Tens of thousands of people marched through Paris and other French cities on Sunday to denounce racism and anti-Semitism following the torture and killing of a young Jewish kidnap victim.
Politicians from left and right joined the marchers under banners declaring "France united against barbarism" to express their shock over the gang killing, which Interior Minister Nicolas Sarkozy has denounced as an anti-Semitic crime.
Mobile phone salesman Ilan Halimi, 23, was found naked, with burns and stab wounds, south of Paris earlier this month after being held for three weeks by a gang demanding a large ransom. He died of his injuries shortly afterwards.
Youssef Fofana, a French citizen, has been arrested in Ivory Coast on suspicion of leading the gang that kidnapped him.
"There is no political connotation (to the march). This is a demonstration by the people of France who are more than outraged by what happened," said Joseph Sitruk, France's chief rabbi.
"We are here also to say that all racist crimes are unacceptable in our society and that we must be very vigilant because it is a situation which is starting to be worrying," said Jean-Michel Quillardet, head of the Grand Orient of France.
Thousands more people marched in other cities. In the southwestern city of Bordeaux, protesters marched behind a photograph of Halimi reading: "Rest in peace, Ilan."

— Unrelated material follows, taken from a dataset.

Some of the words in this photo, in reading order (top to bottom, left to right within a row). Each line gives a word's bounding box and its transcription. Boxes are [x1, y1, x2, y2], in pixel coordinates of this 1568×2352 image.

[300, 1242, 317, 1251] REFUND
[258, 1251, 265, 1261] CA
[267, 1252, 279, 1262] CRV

Marchers in Paris included Sarkozy and Foreign Minister Philippe Douste-Blazy from the centre right, and Socialist Party leader Francois Hollande and former Prime Minister Lionel Jospin form the left wing.
Independent right-wing politician Philippe de Villers was prevented from taking part. Police escorted him away because his presence angered many of the Paris marchers.

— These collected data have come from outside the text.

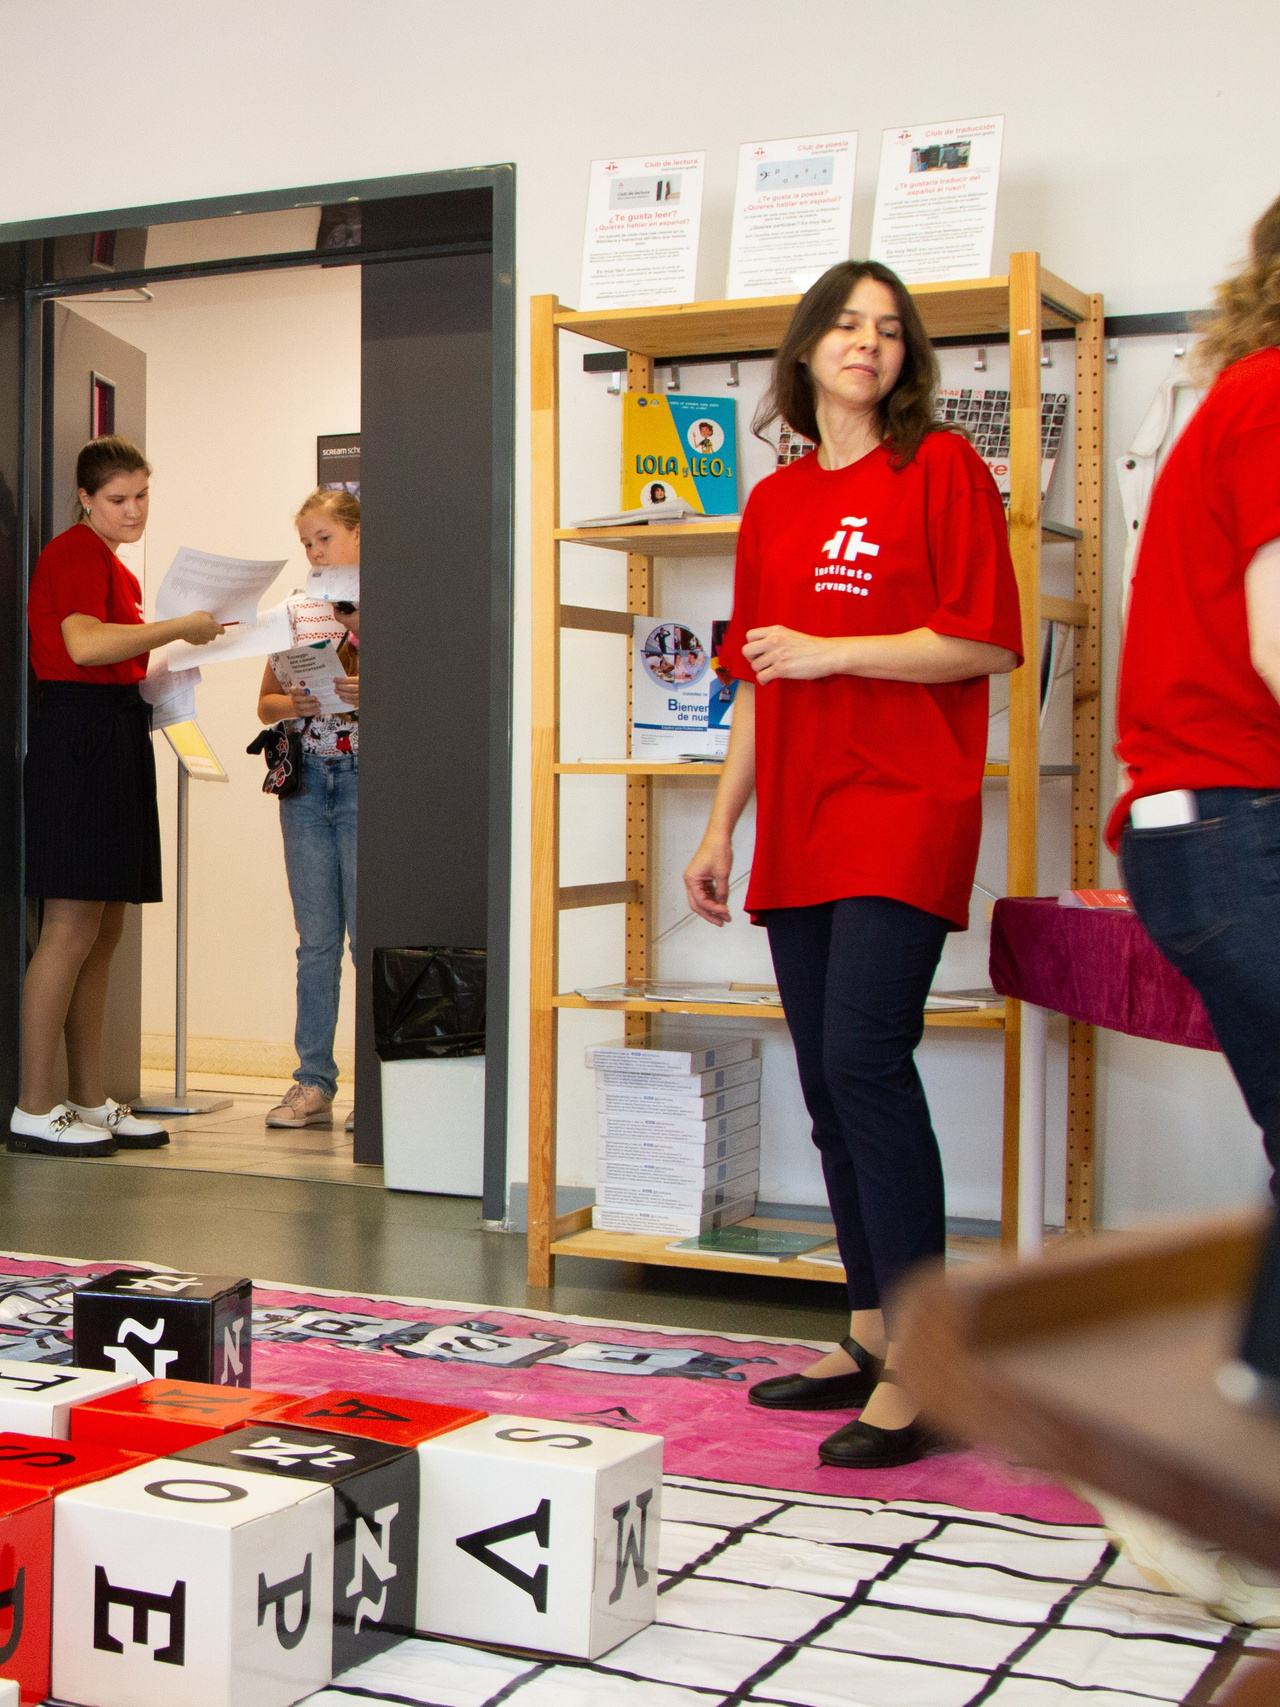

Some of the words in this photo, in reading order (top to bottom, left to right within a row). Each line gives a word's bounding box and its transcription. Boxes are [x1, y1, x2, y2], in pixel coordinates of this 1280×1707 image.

[956, 124, 995, 133] traducción
[628, 212, 652, 222] gusta
[655, 210, 677, 219] leer?
[636, 454, 678, 476] LOLA
[683, 467, 689, 478] y
[691, 457, 724, 477] LEO
[726, 467, 732, 478] 1
[495, 1428, 593, 1450] S
[144, 1479, 249, 1503] O
[93, 1564, 186, 1667] E
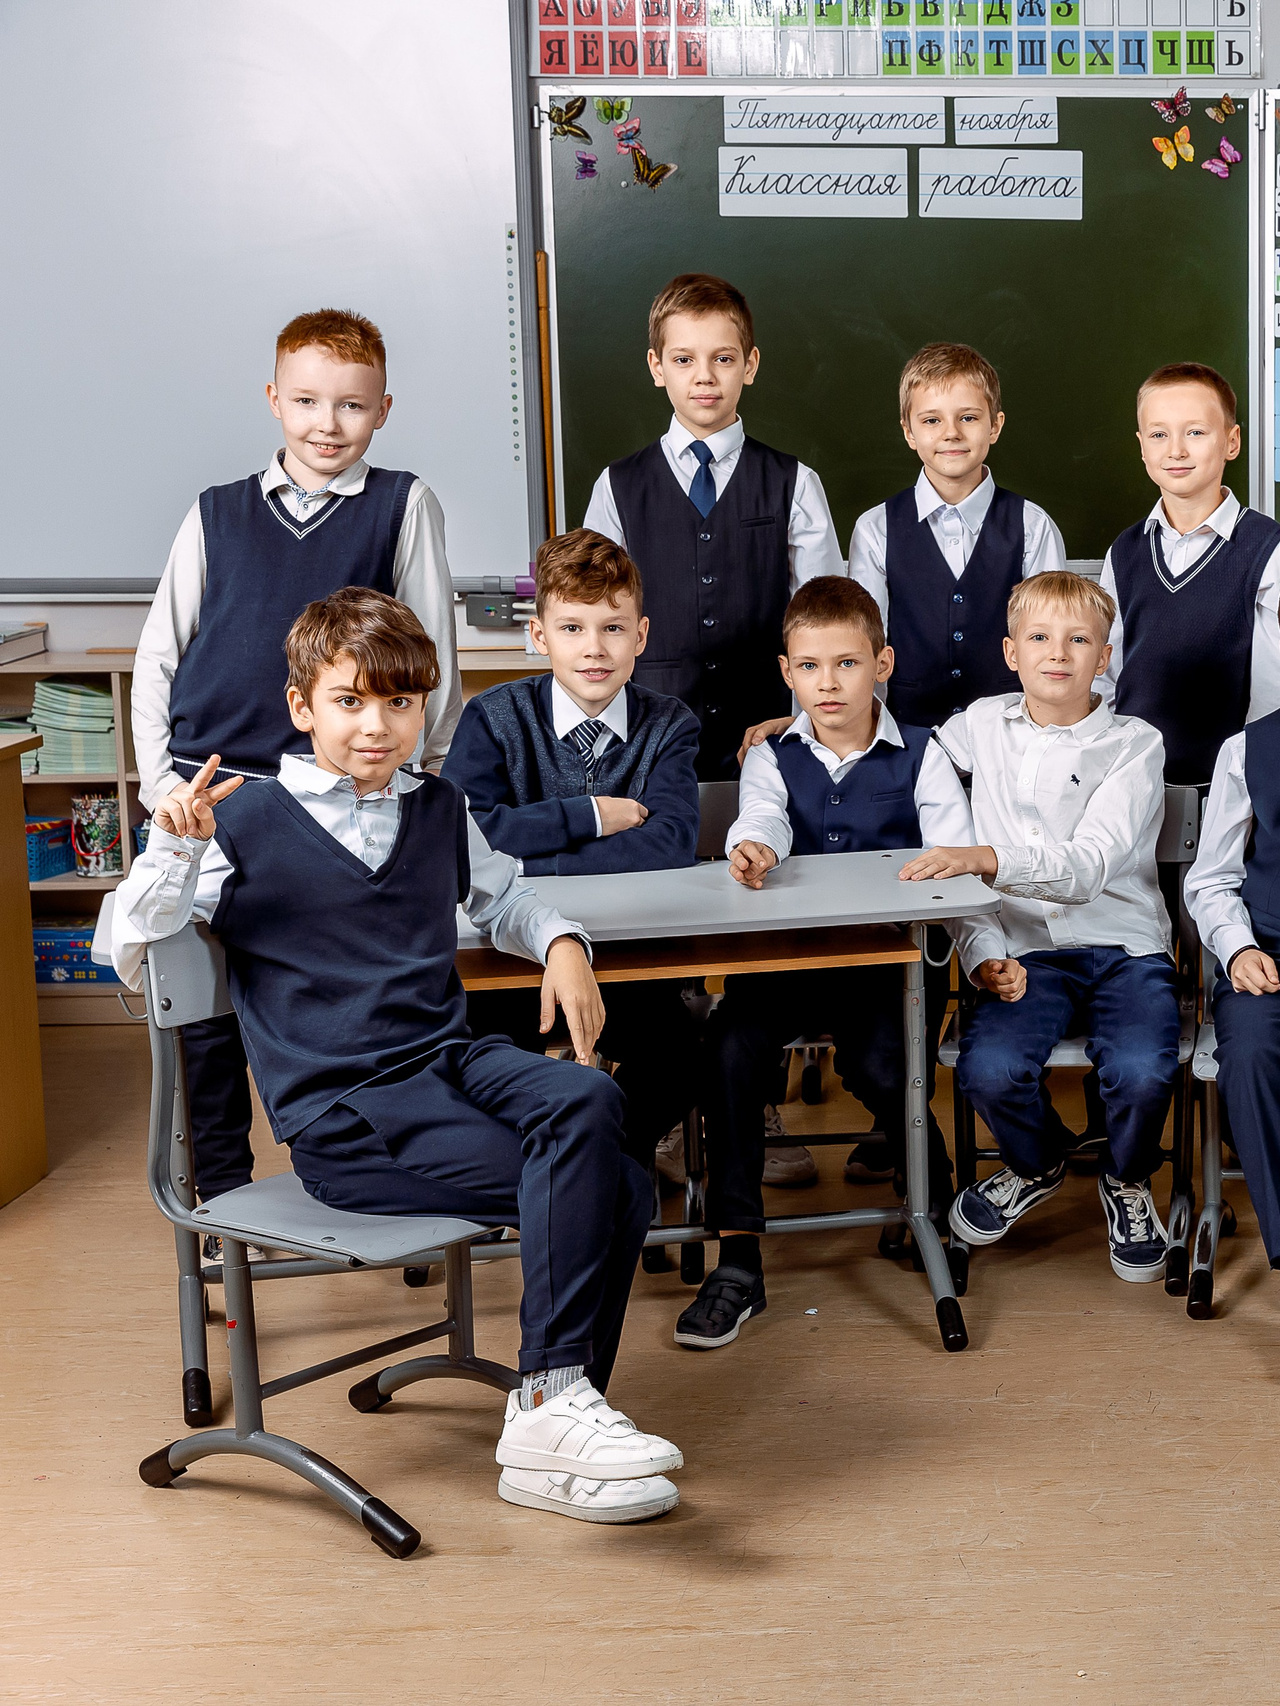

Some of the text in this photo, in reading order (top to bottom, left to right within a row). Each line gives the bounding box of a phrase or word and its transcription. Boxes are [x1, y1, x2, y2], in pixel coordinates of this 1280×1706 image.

[544, 34, 1245, 73] Я Ё Ю И Е П Ф К Т Ш С Х Ц Ч Щ Ь
[730, 98, 1053, 142] Пятнадцатое ноября
[725, 154, 1078, 212] Классная работа

Tension ran high at times in Paris as a group of angry young people, some of them wearing masks, chanted violent slogans against Fofana. Police kept a close watch nearby.
French People in Shock
The murder has shocked France, which has Europe's largest Muslim and Jewish minorities. Muslims number about 5 million and Jews 600,000.

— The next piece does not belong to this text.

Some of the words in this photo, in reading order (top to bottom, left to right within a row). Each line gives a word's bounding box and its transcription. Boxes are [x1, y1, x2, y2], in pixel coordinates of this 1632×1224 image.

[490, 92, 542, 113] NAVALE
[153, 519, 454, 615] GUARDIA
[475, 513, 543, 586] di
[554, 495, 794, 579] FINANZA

Many Arabs and Jews are immigrants and live uneasily side-by-side in poor neighbourhoods. Disaffected Muslim youths were widely blamed for a wave of anti-Semitic violence earlier this decade.
Thirteen people have been indicted in Paris in the case, of whom 11 are being held. Five more have been detained elsewhere in France and a suspect has been arrested in Belgium.
Fofana is expected to be handed over to French authorities once legal formalities are sorted out.
French police have said Fofana called himself the "brain of the barbarians" and accuse his gang of trying to kidnap six other people, four of them Jewish.
President Jacques Chirac and Villepin attended a memorial ceremony for Halimi on Thursday. Interim Ivory Coast Prime Minister Charles Konan Banny has said he does not think the crime had an anti-Semitic connotation.